(Annotated photo localization data)
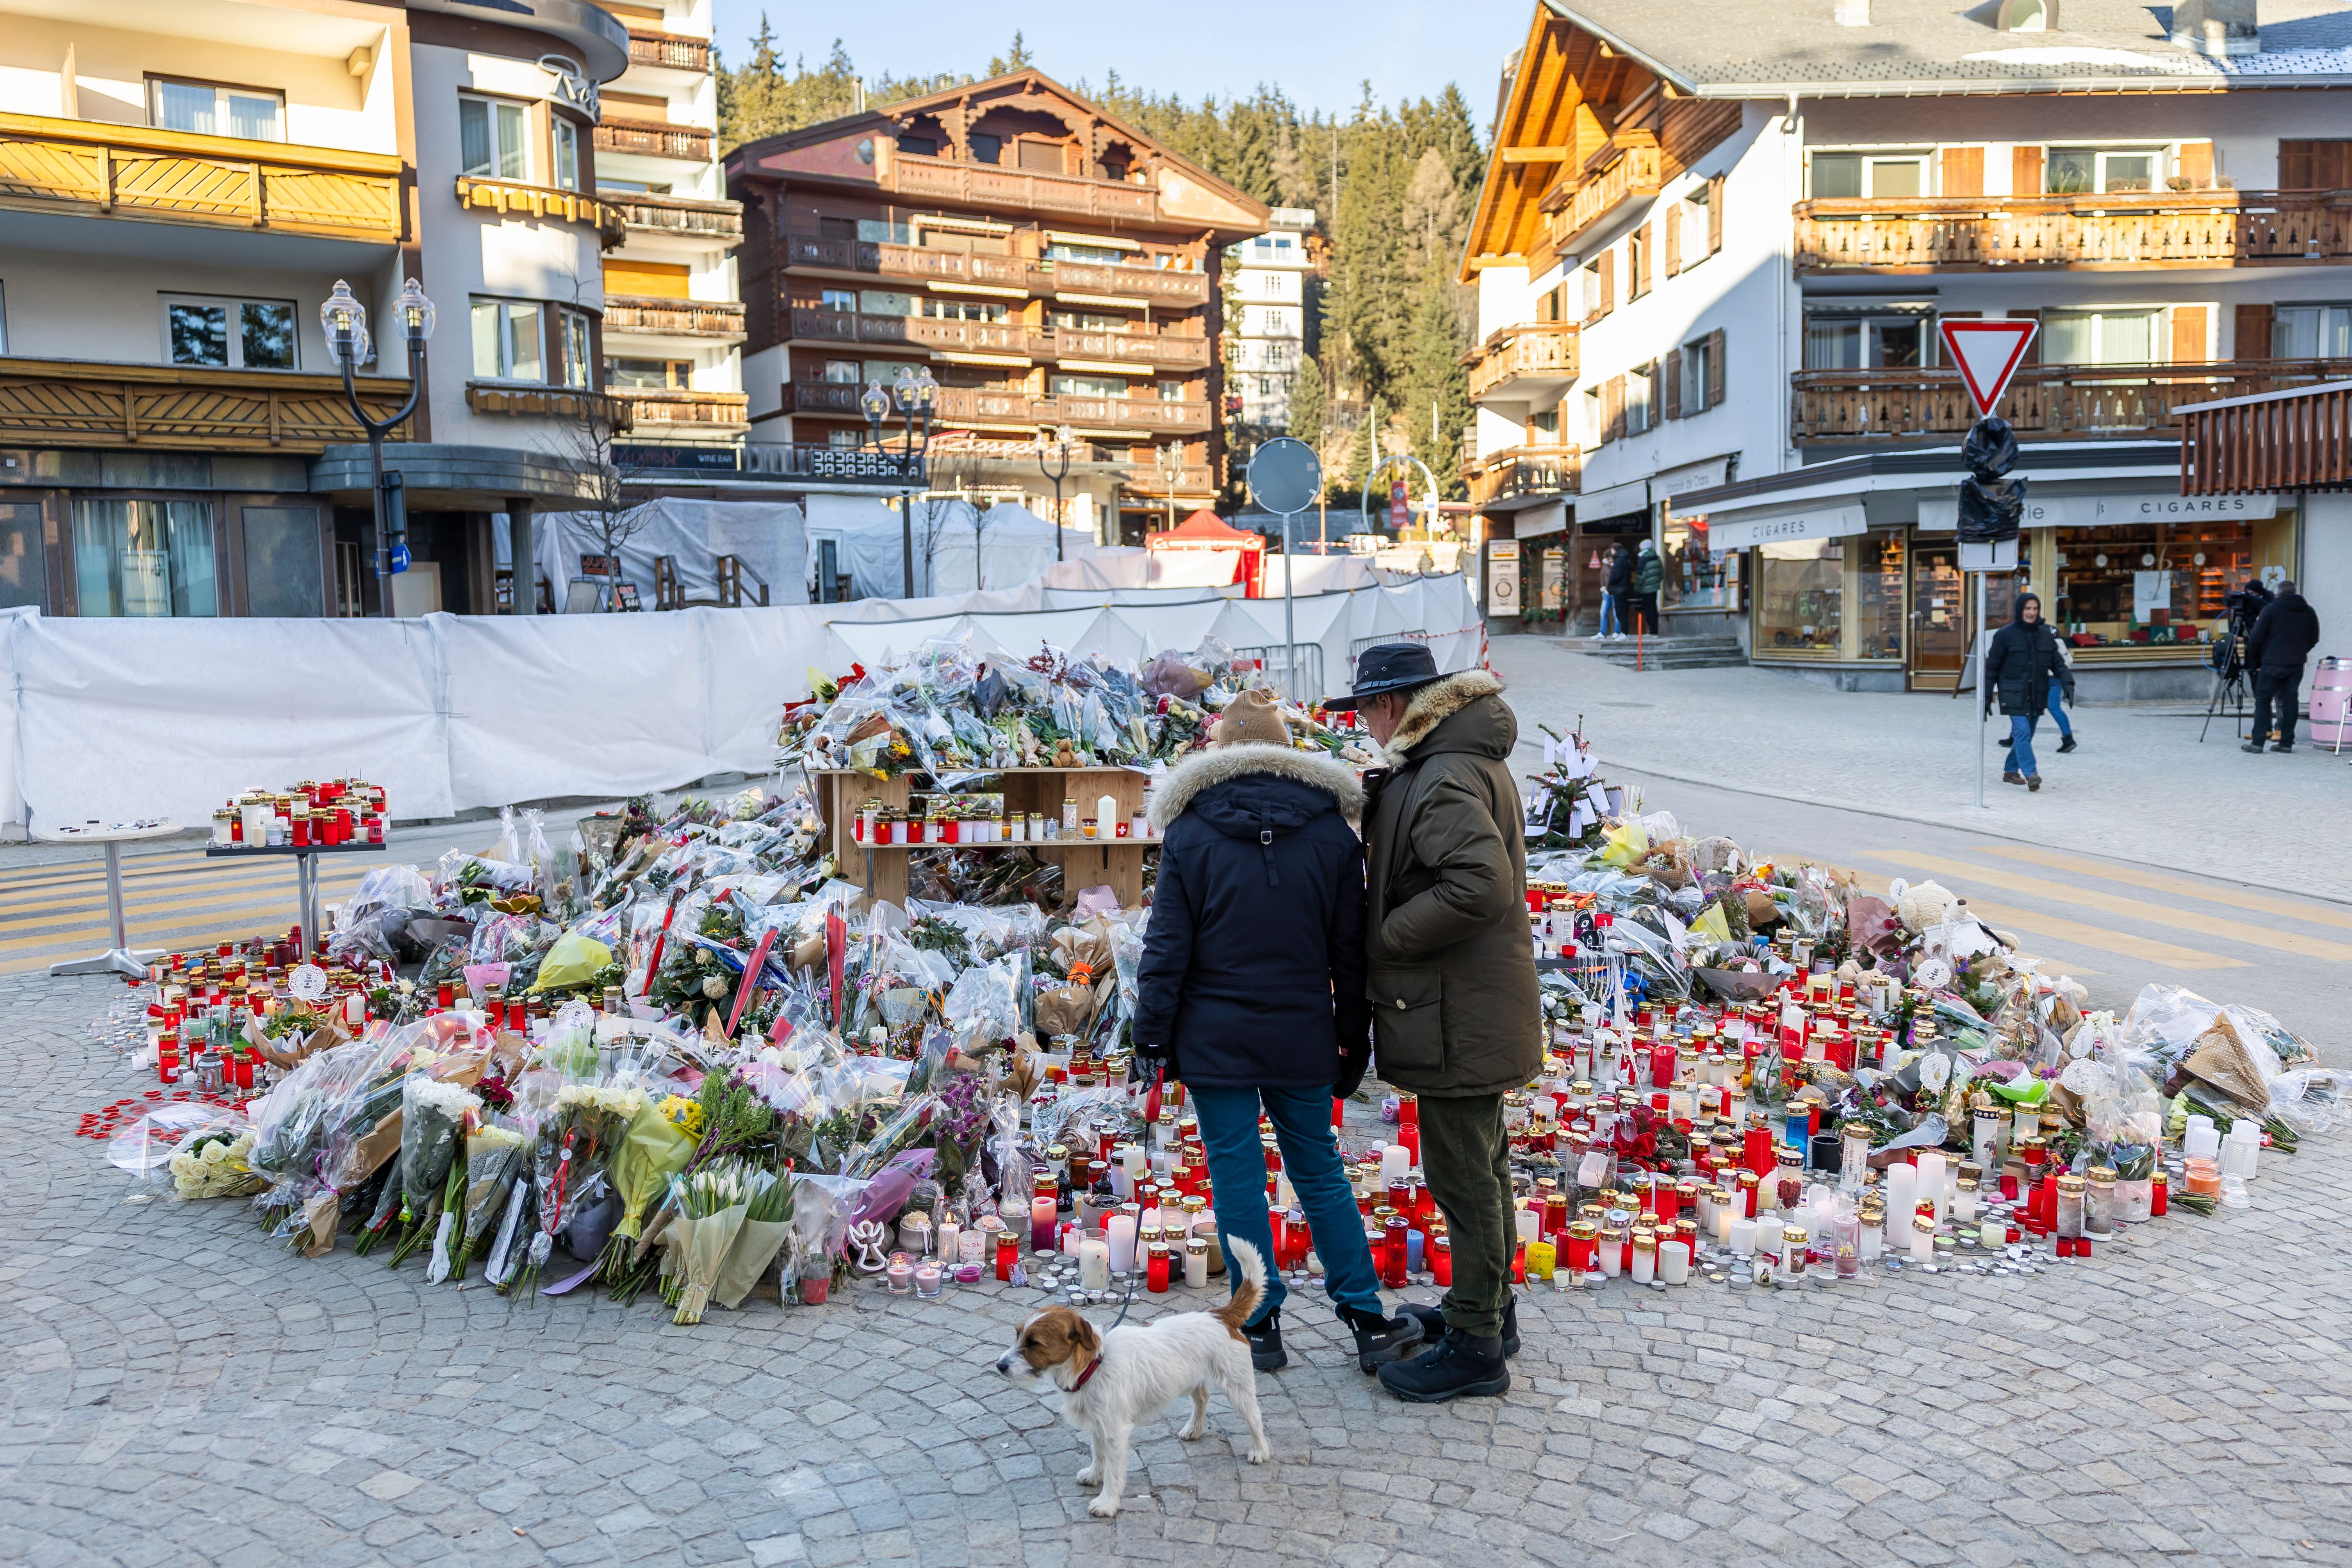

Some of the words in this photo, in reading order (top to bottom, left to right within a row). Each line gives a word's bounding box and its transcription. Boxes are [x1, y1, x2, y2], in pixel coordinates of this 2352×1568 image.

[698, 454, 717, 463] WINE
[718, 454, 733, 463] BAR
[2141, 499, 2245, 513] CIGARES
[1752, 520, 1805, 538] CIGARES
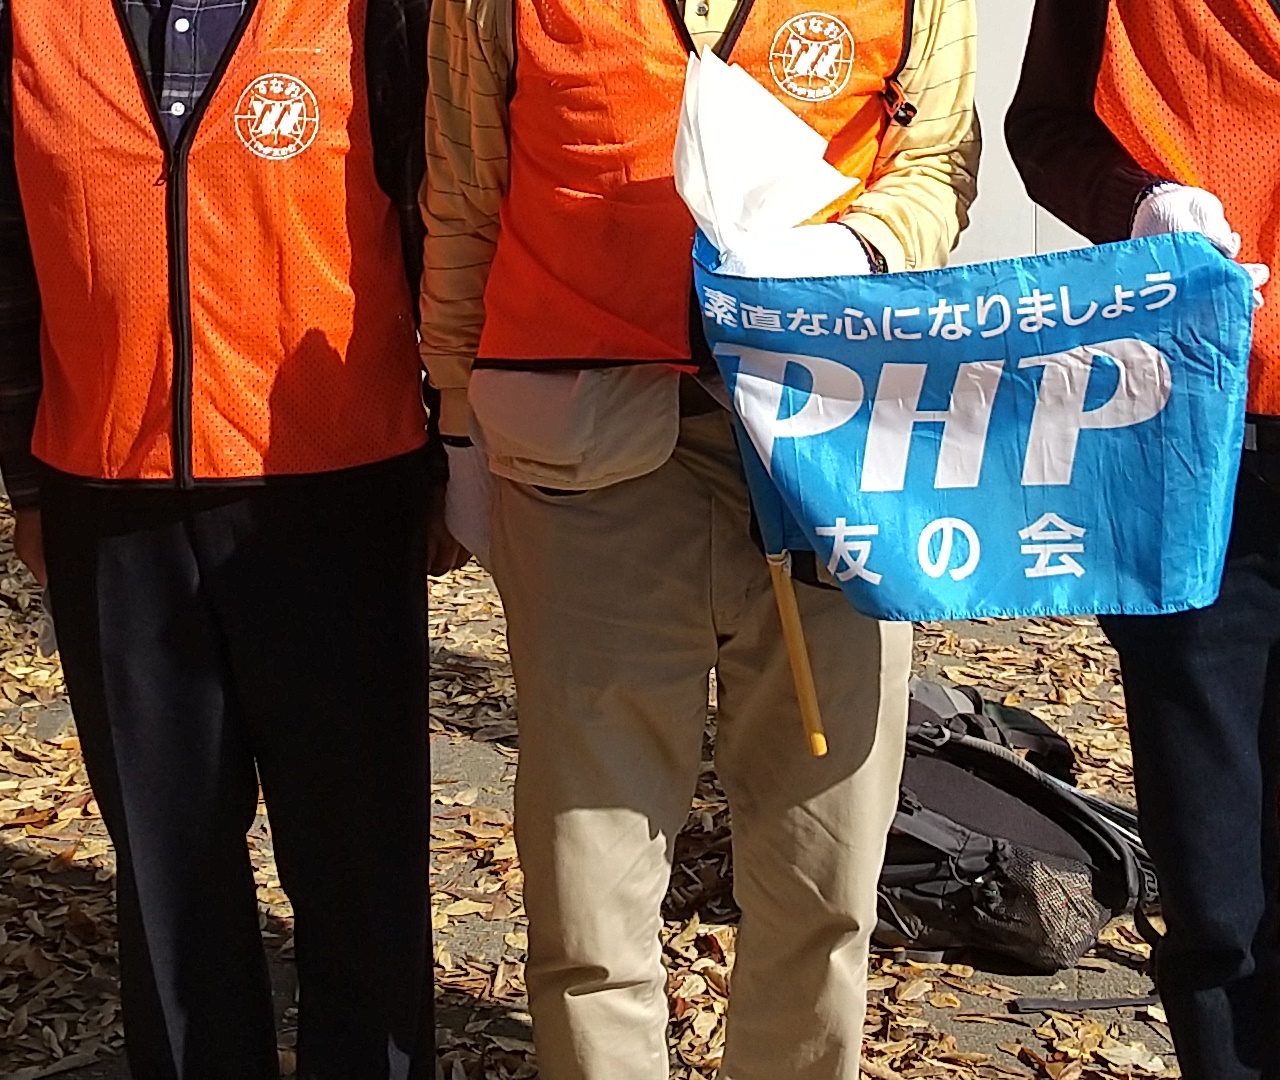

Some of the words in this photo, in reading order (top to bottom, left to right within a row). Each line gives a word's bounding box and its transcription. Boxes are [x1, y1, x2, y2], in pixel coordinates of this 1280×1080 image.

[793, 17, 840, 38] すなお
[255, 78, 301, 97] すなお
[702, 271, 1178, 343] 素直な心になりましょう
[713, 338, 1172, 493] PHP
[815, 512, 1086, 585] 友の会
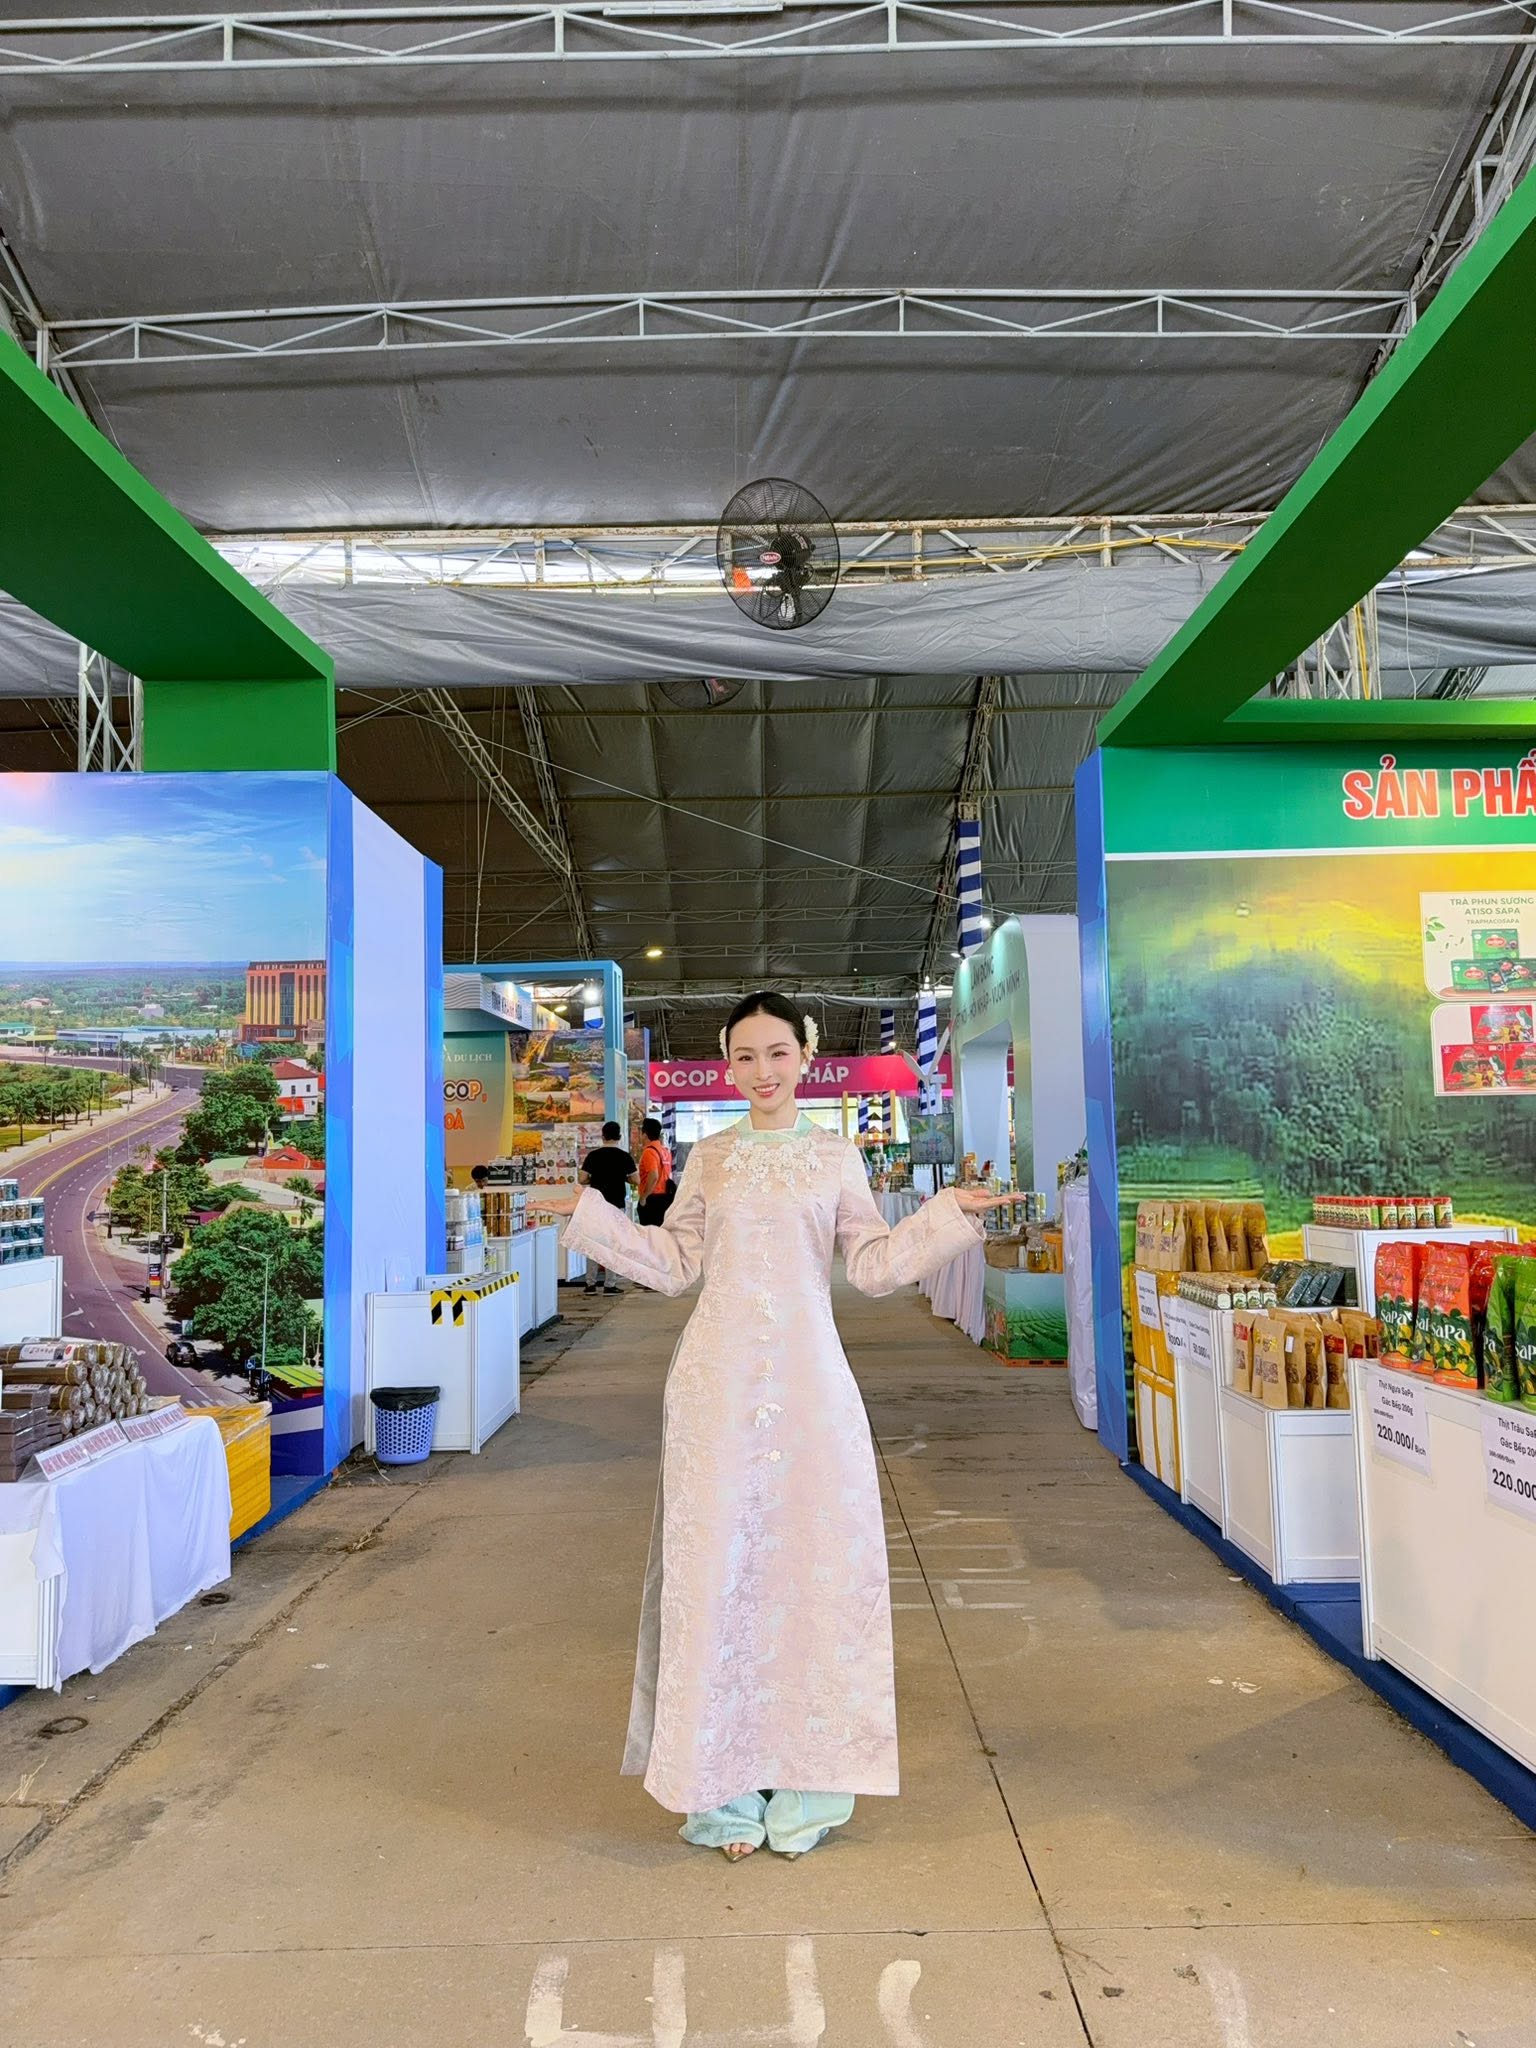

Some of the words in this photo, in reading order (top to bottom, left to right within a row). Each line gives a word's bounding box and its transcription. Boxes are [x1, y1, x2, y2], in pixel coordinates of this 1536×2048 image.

[Task to carry out]: If an entry holds a picture, skip the picture and print the rest of the data exactly.

[Response]:
Some of the words in this photo, in reading order (top to bottom, left to right within a row). Each line gives a word's bounding box and its transcription. Boxes are [x1, y1, x2, y2], in pixel coordinates of this 2352×1568 image.

[698, 454, 717, 463] WINE
[718, 454, 733, 463] BAR
[2141, 499, 2245, 513] CIGARES
[1752, 520, 1805, 538] CIGARES

Some of the words in this photo, in reading order (top to bottom, left to right within a row). Each line gives a word's bounding box and its transcription. Boxes are [x1, y1, x2, y2], in pixel coordinates of this 1280×1080 image.

[793, 17, 840, 38] すなお
[255, 78, 301, 97] すなお
[702, 271, 1178, 343] 素直な心になりましょう
[713, 338, 1172, 493] PHP
[815, 512, 1086, 585] 友の会

Some of the words in this photo, in reading order (top to bottom, left to right within a row). Each line gives a word's bounding box and its transcription. Boxes are [x1, y1, x2, y2], in pixel coordinates of this 1536×2048 image.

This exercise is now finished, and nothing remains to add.